The people that know Joe Jennings well say that he isn’t given to voluminous outward displays of emotion. The few times I’ve spent in the company of the great American chorus conductor, interviewing him for articles about Chanticleer, the world-famous all men’s a cappella ensemble he’s been directing since the mid-1980s, or on more general vocal music subjects, he’s remained piquantly understated to the point of terseness.

Jennings is, in fact, one of the most soft-spoken and taciturn interview subjects I’ve ever come across. But while his iterations are compact, they’re often profound, so you have to get in close and tune in your ears to listen.

This was definitely the case during most of the past five days which I spent singing with Chanticleer and around 60 other choral music enthusiasts at the annual adult singing workshop which the ensemble holds in conjunction with Sonoma State University up in wine country.

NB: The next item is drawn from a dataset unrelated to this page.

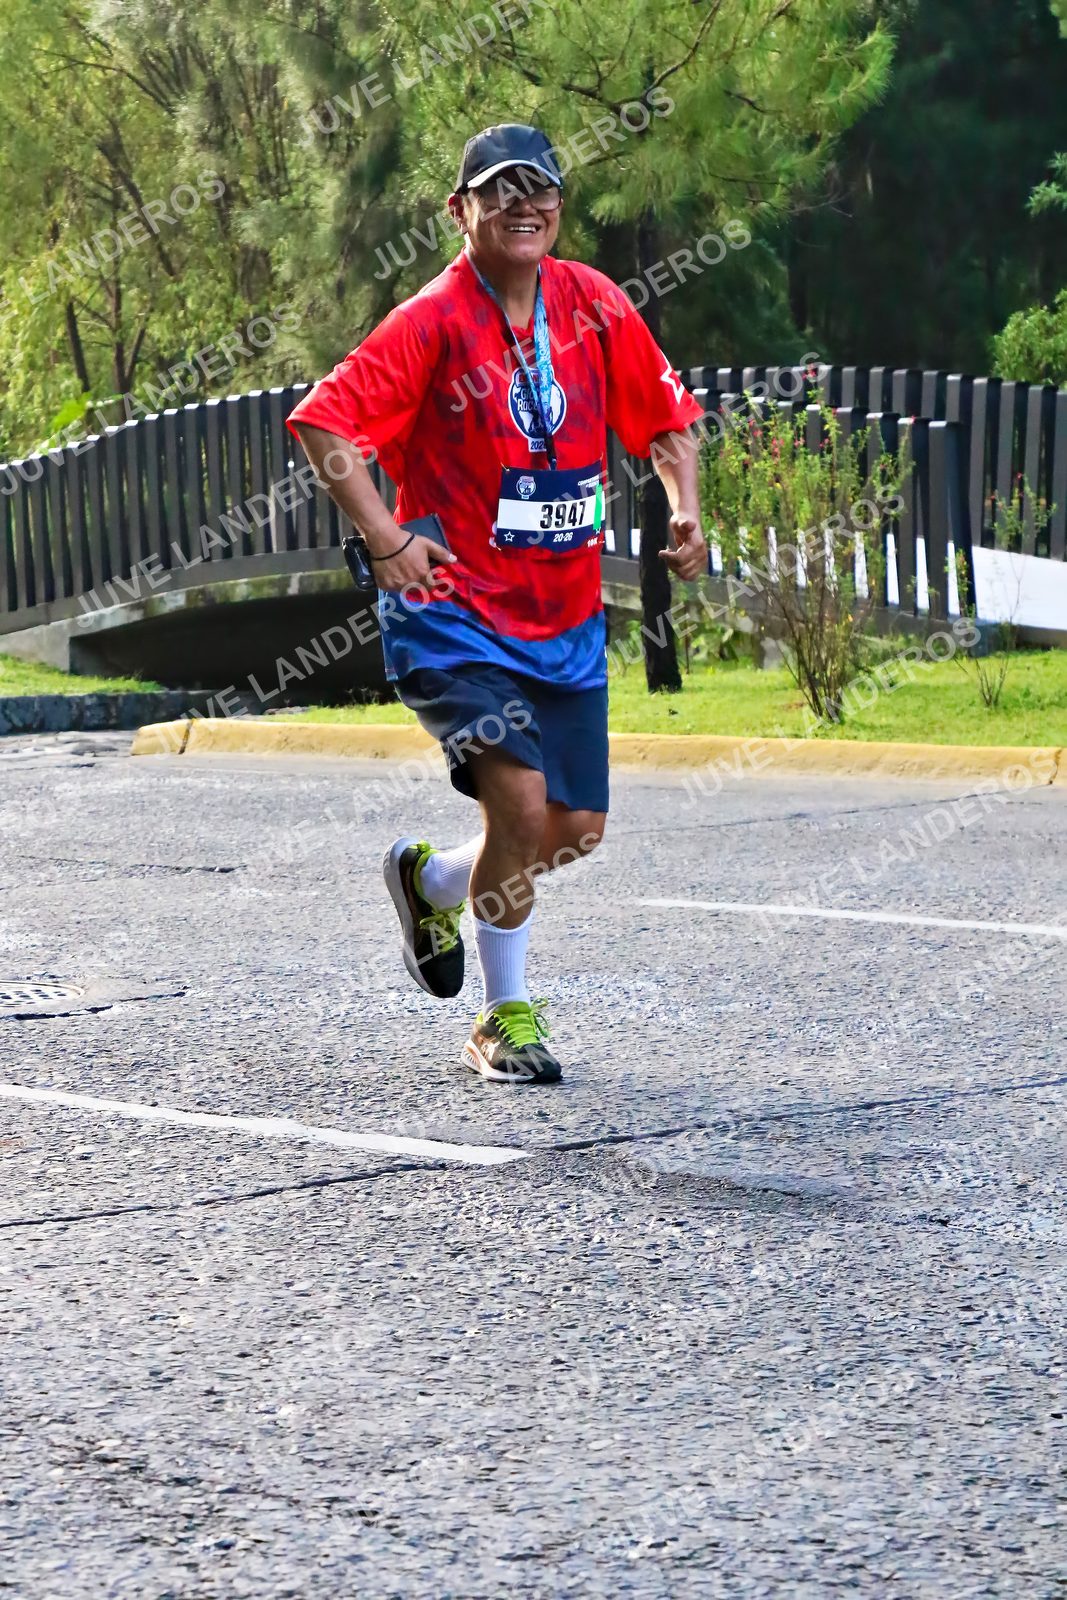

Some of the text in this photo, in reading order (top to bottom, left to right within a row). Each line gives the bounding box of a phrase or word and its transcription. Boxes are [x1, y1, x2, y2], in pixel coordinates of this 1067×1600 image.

[530, 440, 546, 450] 202
[540, 500, 586, 529] 3947
[553, 531, 574, 543] 20-26
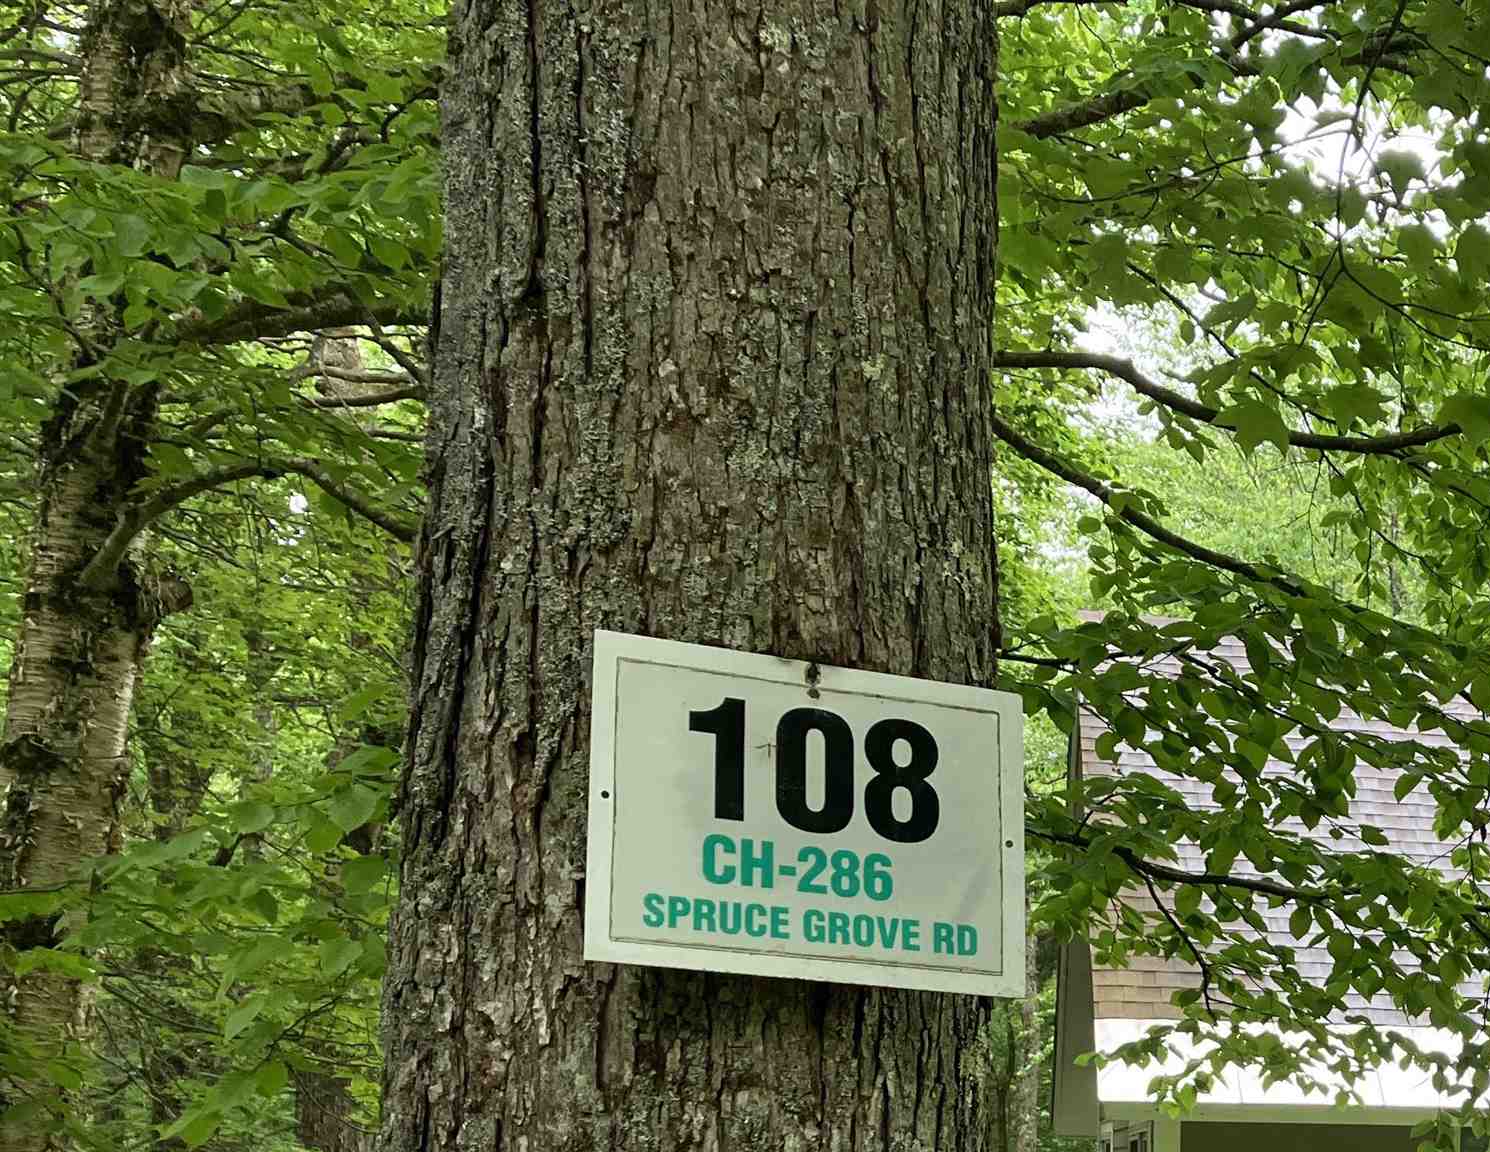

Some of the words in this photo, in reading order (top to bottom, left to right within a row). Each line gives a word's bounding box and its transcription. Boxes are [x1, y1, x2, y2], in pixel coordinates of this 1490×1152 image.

During our daily afternoon rehearsals, Jennings, who is officially retiring this summer, cut an almost spectral presence. The choral director would shuffle into the room very quietly and painfully slowly behind the walker he now regularly uses to get around owing to an illness that is slowly but surely taking a toll on his mobility. Taking his place before the assembled choir, he would mutter a couple of words under his breath. The people sitting nearest him seemed to catch his drift and this would set off a ripple effect of communication until we all figured out what piece he wanted us to work on, at what measure he planned to start and what exactly it was that he wanted us to do with the music once we had it ready before our eyes. On occasion, though, the Chinese whisper mechanism didn’t work and he’d end up repeating himself several times, each with more volume and better articulation. Then, after a couple of hours of concentrated effort, he would say something like “mmm-hmm” or “that’s all” and shuffle on out of the room on his walker without further comment.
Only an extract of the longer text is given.